Es un homenaje a la lucha, al sudor de las familias y a la revolución industrial que forjó España a golpe de martillo. Bizkaia no vende escenarios vacíos; ofrece pertenencia. Representa un acto de resistencia frente a la uniformidad global. Un legado que se bebe, se camina y, sobre todo, se siente como propio.
Bizkaia se ha preocupado de que la experiencia turística sea inclusiva, no solo físicamente, sino también en términos cognitivos, sociales y culturales. Y, de forma natural, el territorio ha ido ganando protagonismo en la escena global.
En la serie Pluribus, por ejemplo, la belleza y la autenticidad de Bizkaia se mostraron al mundo, posicionándola como un lugar donde lo tradicional se encuentra con lo moderno, y donde el turismo se convierte en un puente hacia la comprensión cultural.
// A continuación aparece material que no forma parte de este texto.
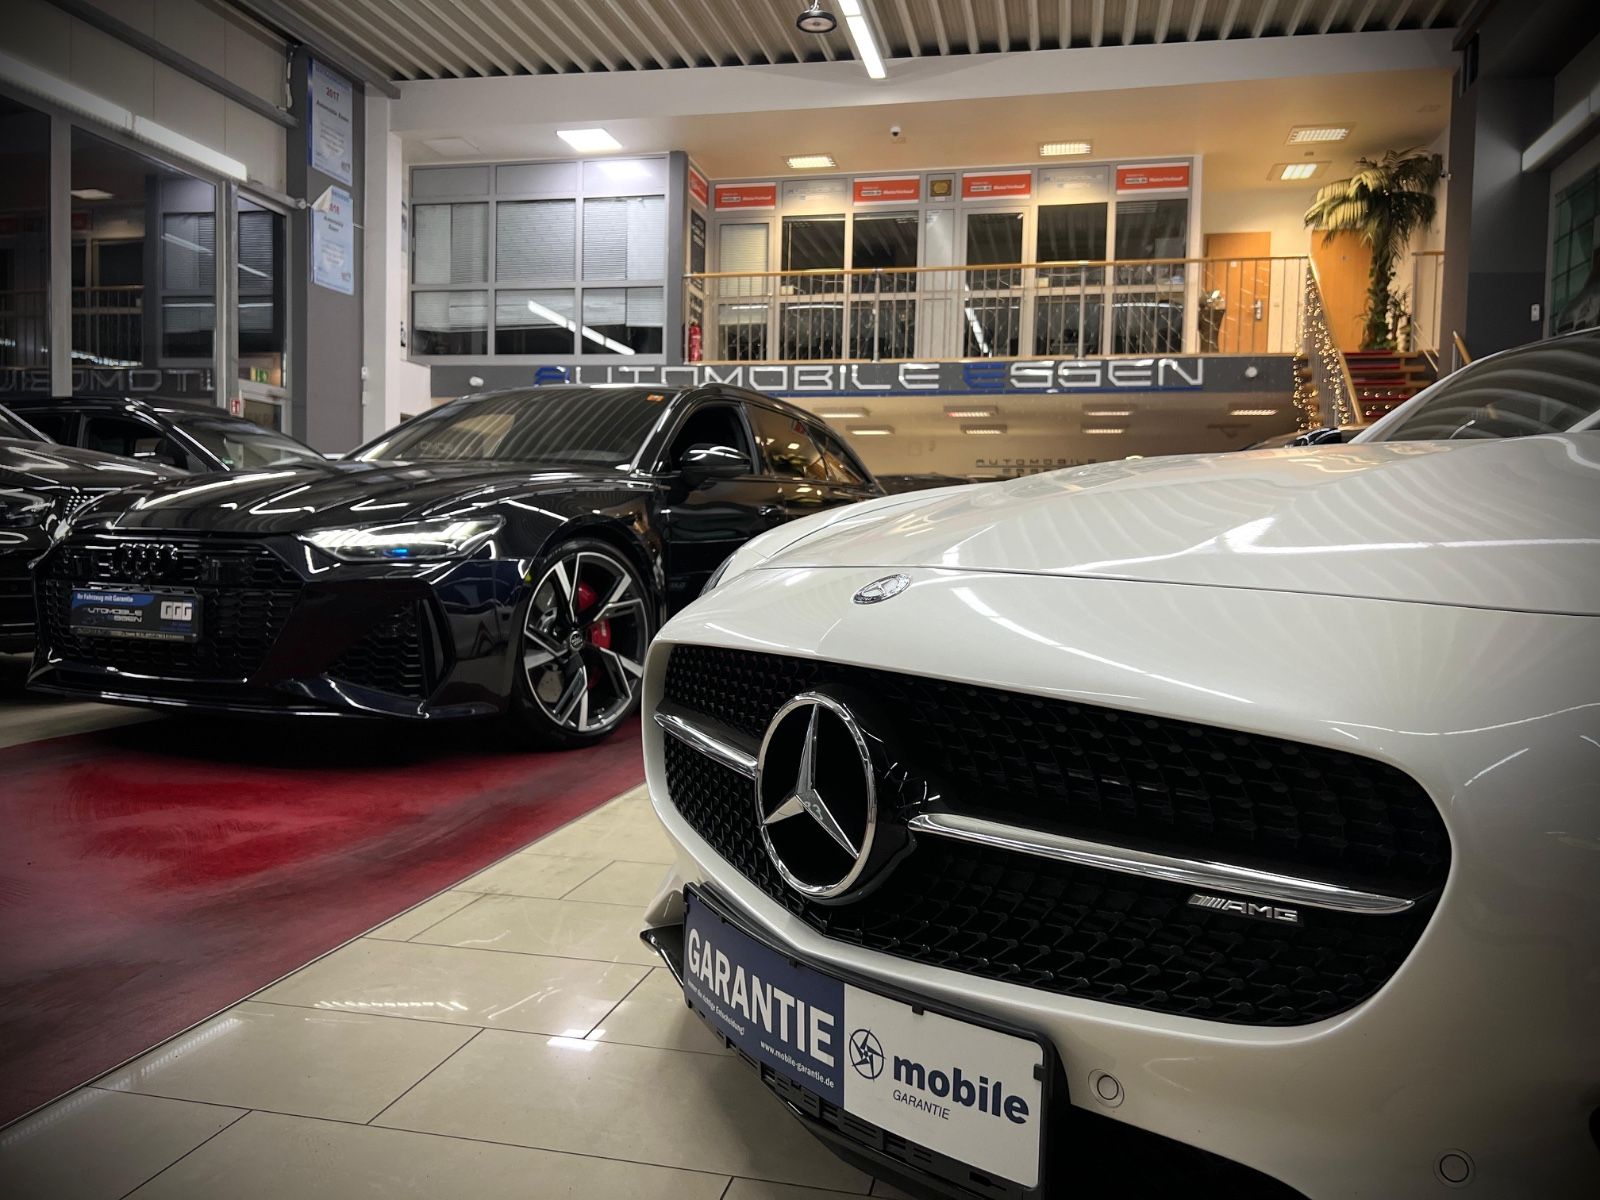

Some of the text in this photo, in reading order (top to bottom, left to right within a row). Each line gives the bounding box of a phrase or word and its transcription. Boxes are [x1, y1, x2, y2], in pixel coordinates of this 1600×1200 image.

[534, 359, 1203, 390] AUTOMOBILE ESSEN
[1222, 900, 1298, 922] AMG
[688, 928, 835, 1068] GARANTIE
[760, 1040, 835, 1089] www.mobile-garantie.de
[892, 1089, 951, 1121] GARANTIE
[893, 1055, 1030, 1125] mobile
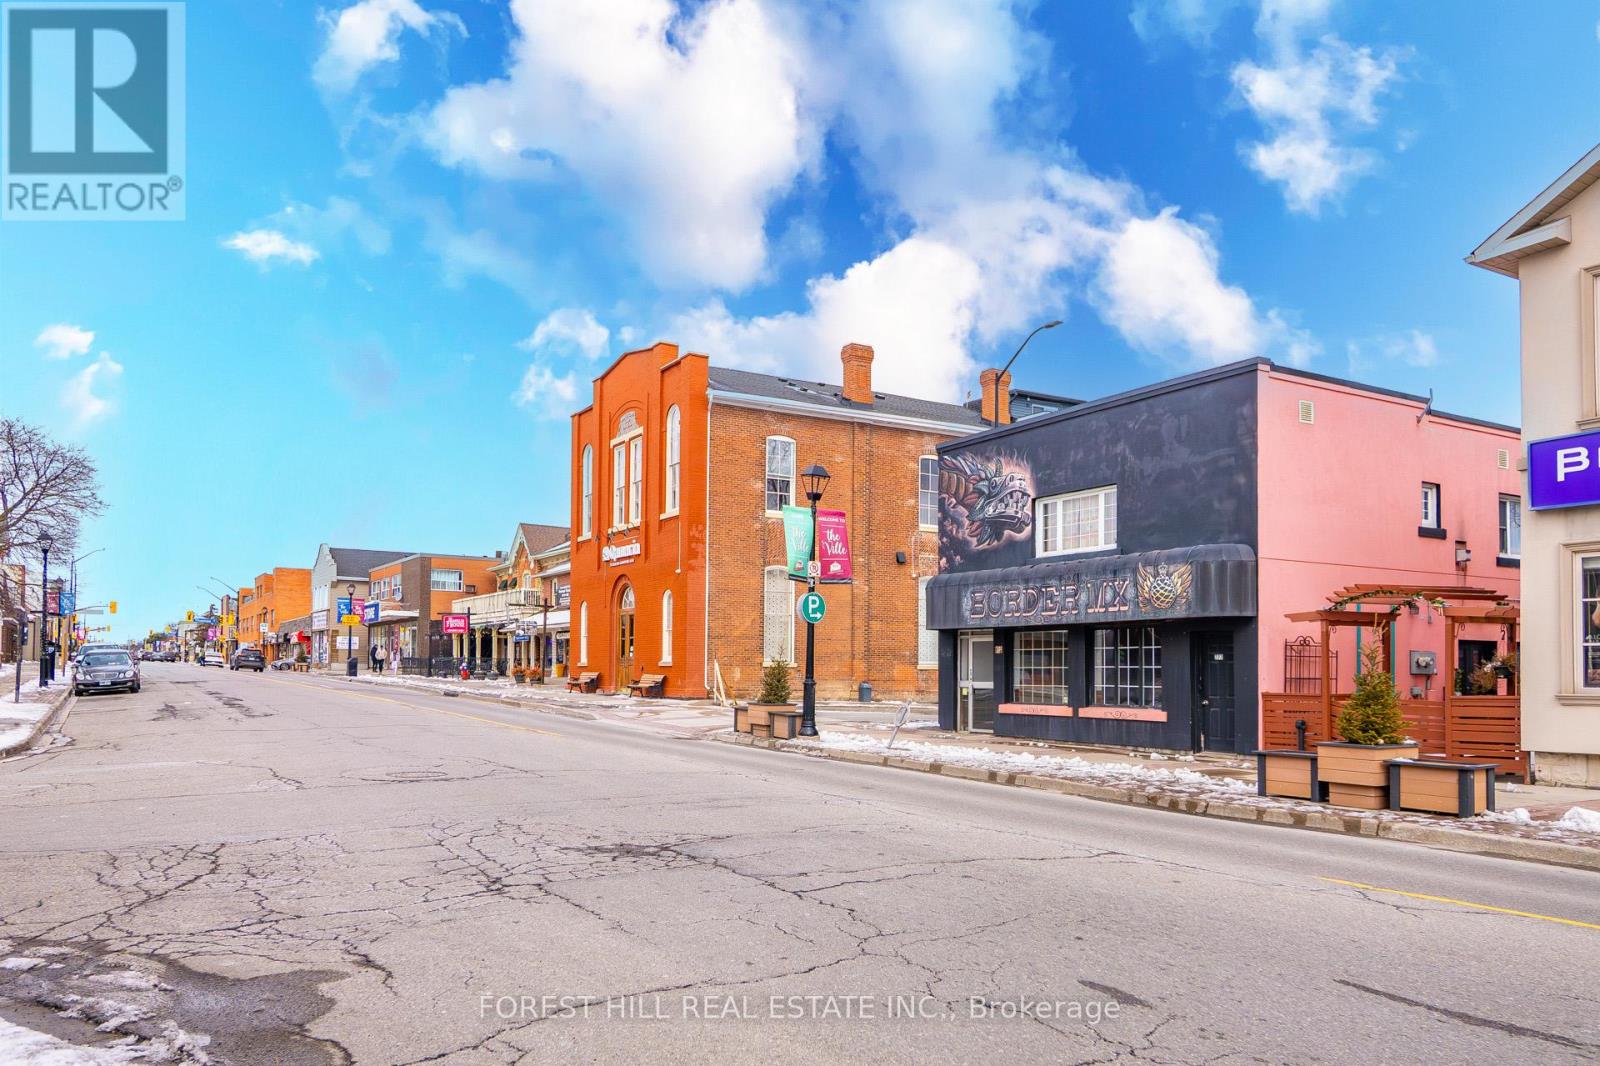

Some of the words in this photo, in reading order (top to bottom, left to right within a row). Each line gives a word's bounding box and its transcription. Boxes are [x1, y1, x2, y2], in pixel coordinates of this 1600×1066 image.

[825, 528, 841, 541] the
[823, 540, 848, 556] Ville
[808, 595, 820, 614] P
[969, 582, 1081, 619] BORDER
[1086, 577, 1131, 613] MX
Viajar hoy por Bizkaia significa comprender el territorio desde dentro. Es la invitación de un pueblo que se reinventa constantemente, pero que jamás olvida el origen de su nombre ni el valor de su palabra. “Este modelo ha sido construido sobre el consenso y la colaboración de todos los actores del territorio, desde los productores locales hasta las instituciones públicas”, apunta la diputada foral de Transportes, Movilidad y Turismo, Sonia Pérez Ezquerra.